Five patients in our series had radiologically evident steal syndrome, which is associated with tissue necrosis; however, others may have had clinical evidence of steal, such as hand pain, especially during dialysis. Fistulae were usually sited in the non-dominant hand, and osteomyelitis in the left hand was more extensive and prevalent. Detected early, tissue loss from steal syndrome can by minimized but not halted by reducing diastolic inflow into the fistula through banding or revascularization; these techniques, however, are often impossible with extensive vascular calcification (Mickley, 2007). Patients with steal syndrome often presented late in our centre after irreversible tissue loss has already occurred. Tissue death from steal syndrome can be reduced through fistula ligation, in which case alternative fistula formation is necessary for haemodialysis.
This retrospective study and the challenge of defining osteomyelitis present some limitations. Histological bone sample confirmation was low (15%). Hand digital arterial calcification manifests only in severe PVD (Adragao et al., 2004), producing selection bias for severe disease. The collinearity between arterial calcification and DM, PVD and end-stage renal failure confounds interpretation of the high amputation and mortality rates observed. Bone destruction may be primarily ischaemic, rather than infective, with subsequent microbial colonization. X-ray imaging is not comparable with upper extremity vascular contrast imaging or arterial ultrasound but is rapid, non-invasive and inexpensive. Identifying arterial calcification is prognostic in hand osteomyelitis and warrants consideration of clinical and radiological assessment for PVD (National Institute for Clinical Excellence, 2012).

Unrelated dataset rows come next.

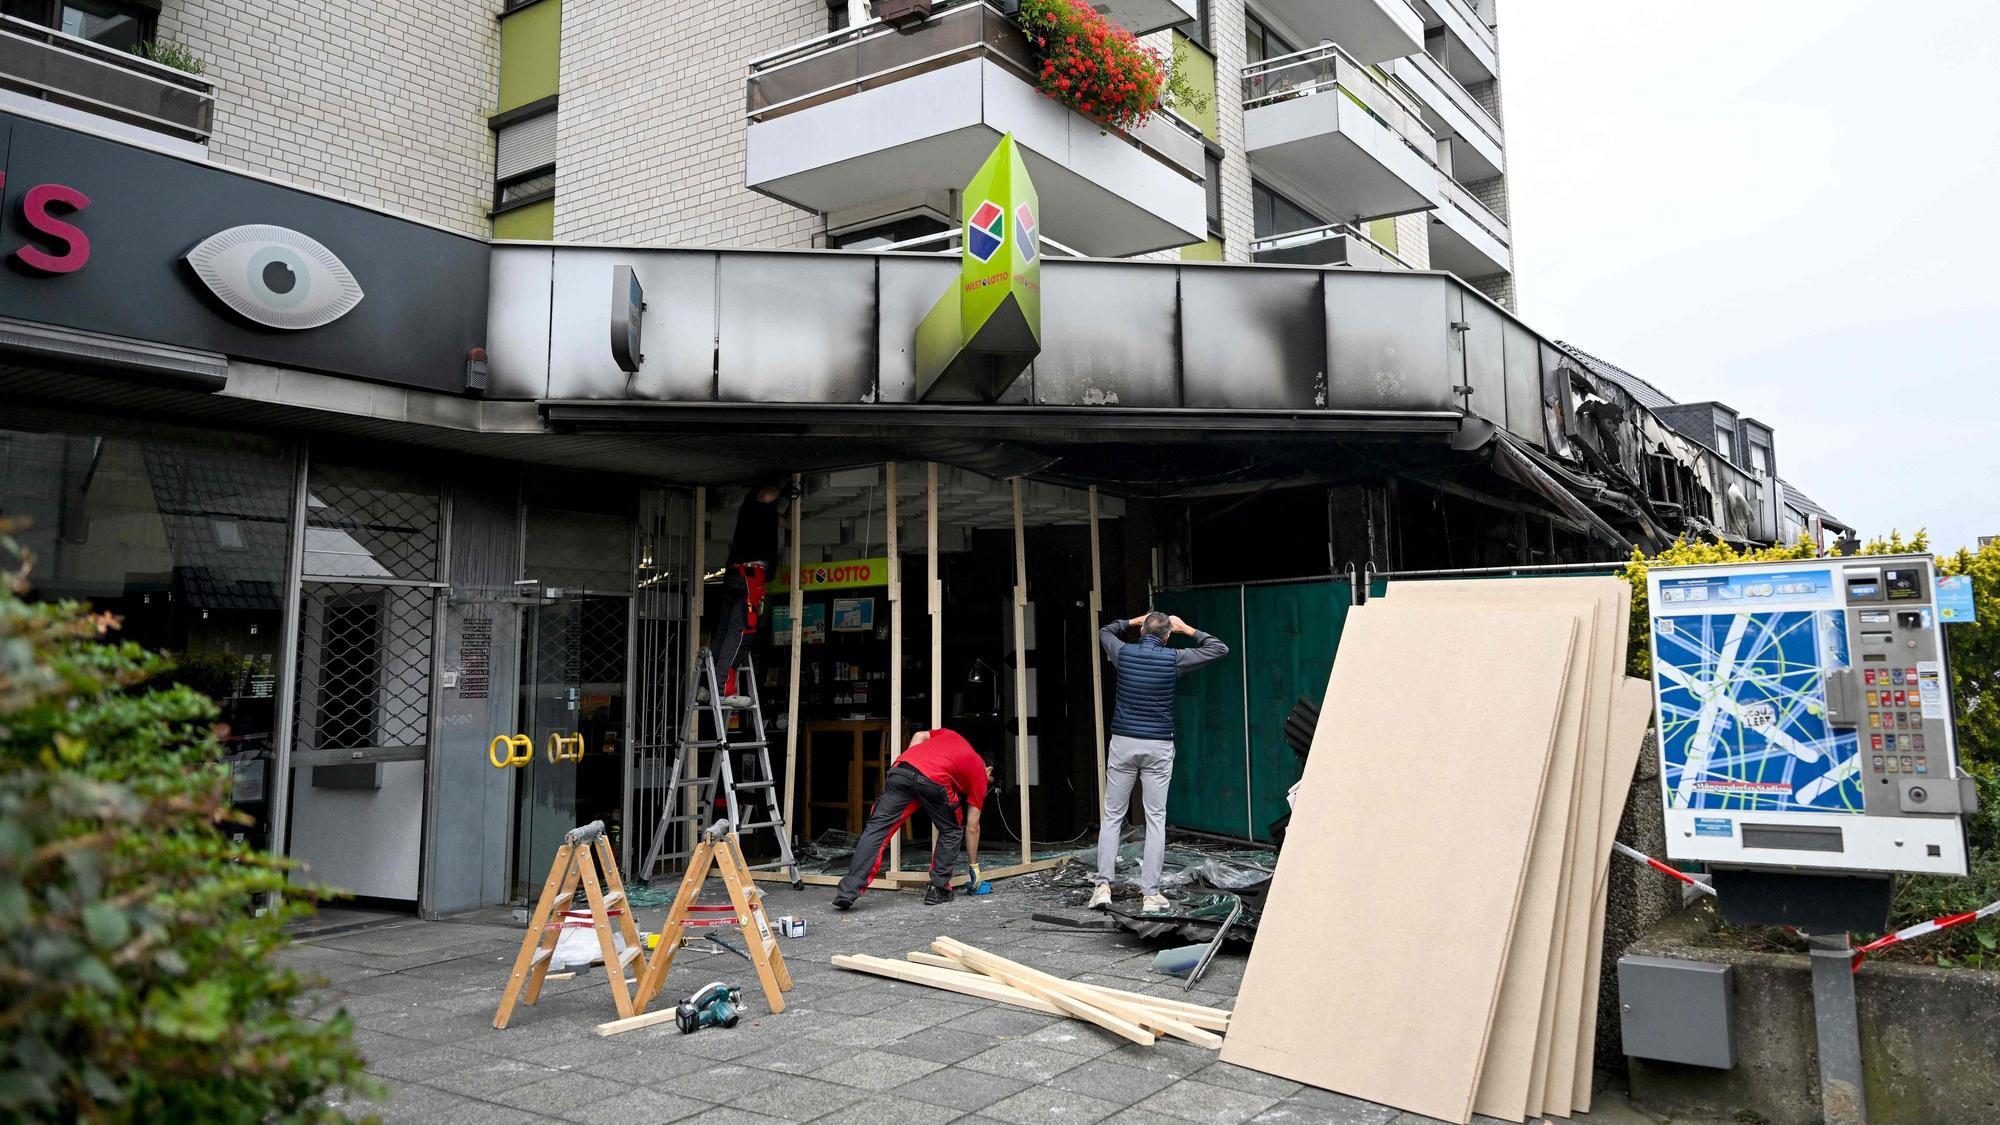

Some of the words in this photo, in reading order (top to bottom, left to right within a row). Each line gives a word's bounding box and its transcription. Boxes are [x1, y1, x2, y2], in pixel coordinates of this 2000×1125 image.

[0, 171, 92, 273] S
[965, 280, 981, 291] WEST
[987, 271, 1009, 286] LOTTO
[780, 568, 815, 586] WST
[827, 565, 871, 583] LOTTO

Patients with hand osteomyelitis and arterial calcification evident on plain X-rays have more bones involved, higher incidences of polymicrobial infections and amputations, and higher 1-year and 5-year mortalities as a result of comorbidities.
Acknowledgements
We thank Dr Rachel Musson, Department of Radiology, Sheffield Teaching Hospitals NHS Foundation Trust, for advice regarding identification of vascular calcification. Mr Simon Boyes, Department of General and Renal Surgery, Sheffield Teaching Hospitals NHS Foundation Trust, for advice regarding vascular access in end-stage renal failure. Ms Zoe Lomas and Mr Richard Worsley, Radiology Information System, Sheffield Teaching Hospitals NHS Foundation Trust, for retrieving imaging reports from the picture archiving communication system database.
Footnotes
Declaration of conflicting interests: The authors declare no potential conflicts of interest with respect to the research, authorship, and/or publication of this article.

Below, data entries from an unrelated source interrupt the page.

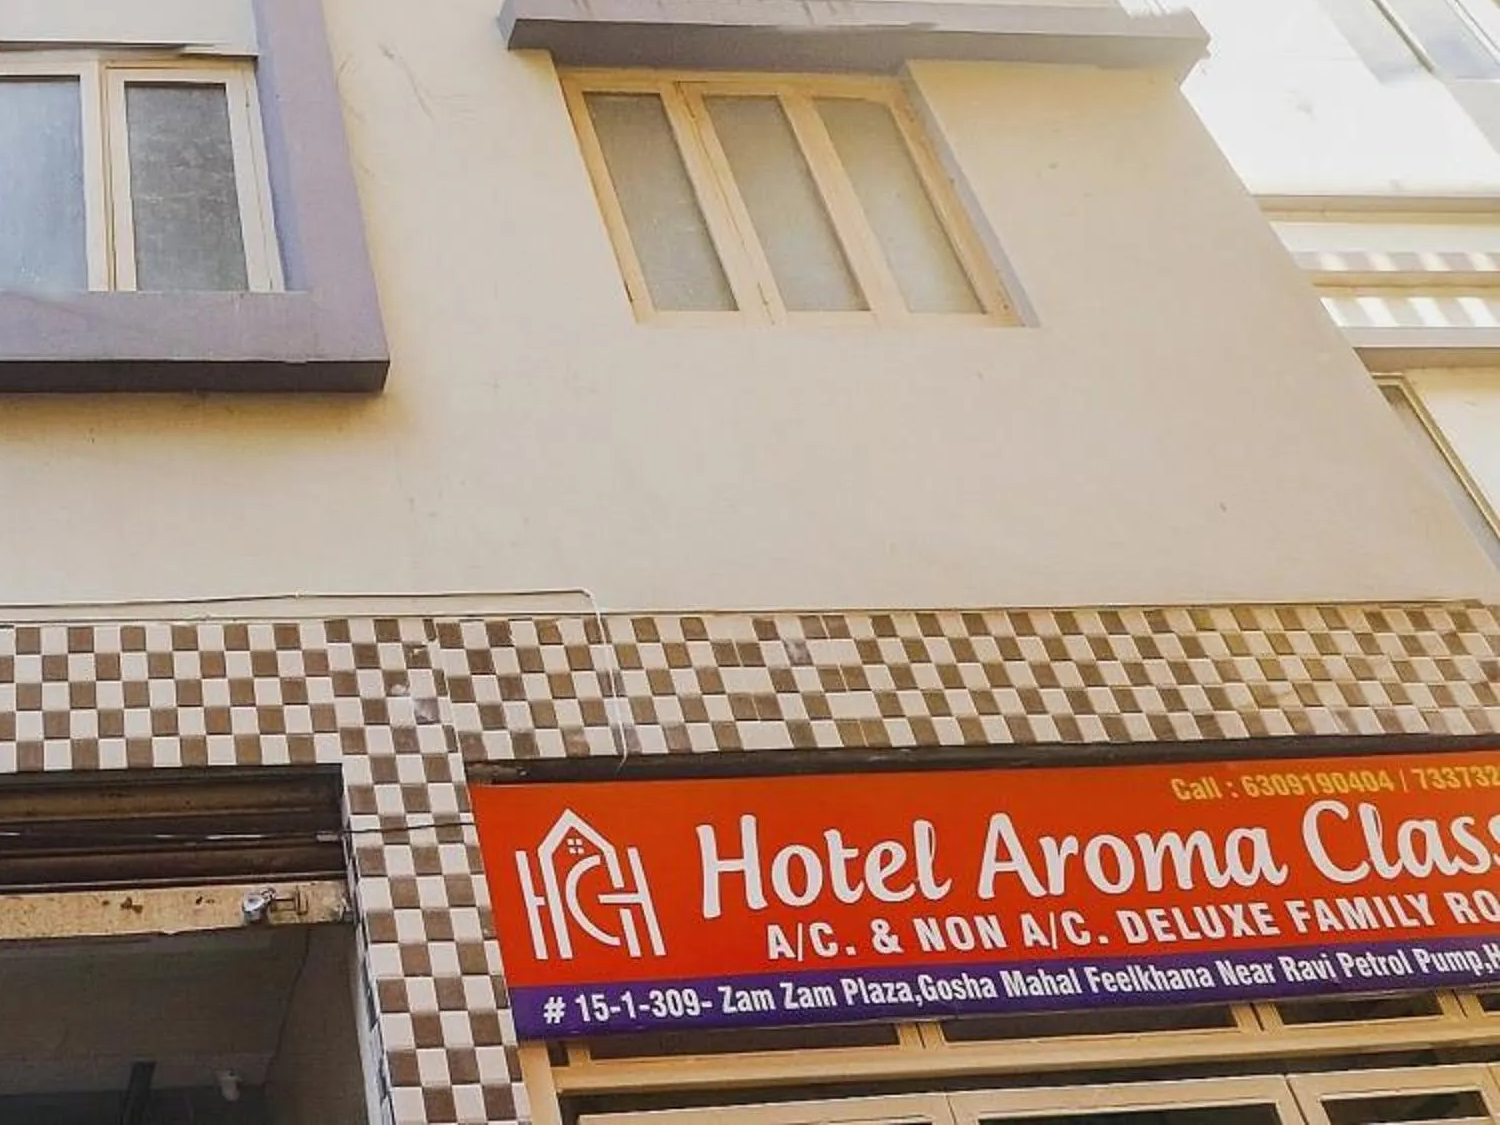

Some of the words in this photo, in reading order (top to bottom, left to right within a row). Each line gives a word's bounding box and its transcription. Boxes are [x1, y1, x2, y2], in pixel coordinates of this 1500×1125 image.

[1171, 776, 1223, 800] Call
[1241, 769, 1395, 798] 6309190404
[694, 813, 953, 920] Hotel
[976, 811, 1289, 900] Aroma
[766, 922, 858, 962] A/C.
[870, 917, 905, 955] &
[913, 913, 1008, 953] NON
[1021, 908, 1110, 951] A/C.
[1117, 901, 1281, 945] DELUXE
[1284, 892, 1437, 934] FAMILY
[543, 996, 566, 1025] #
[575, 989, 713, 1024] 15-1-309-
[717, 984, 776, 1015] Zam
[779, 980, 837, 1011] Zam
[999, 966, 1082, 999] Mahal
[1083, 960, 1216, 995] Feelkhana
[1215, 958, 1277, 988] Near
[1277, 952, 1338, 983] Ravi
[1336, 948, 1412, 980] Petrol

Funding: The authors received no financial support for the research, authorship, and/or publication of this article.
Ethical approval declaration: The study protocol was approved by the Institutional Review Board, study number STH20214.
Informed consent declaration: No individuals are identified as part of this retrospective observational cohort study, which was conducted in accordance with the Helsinki Declaration.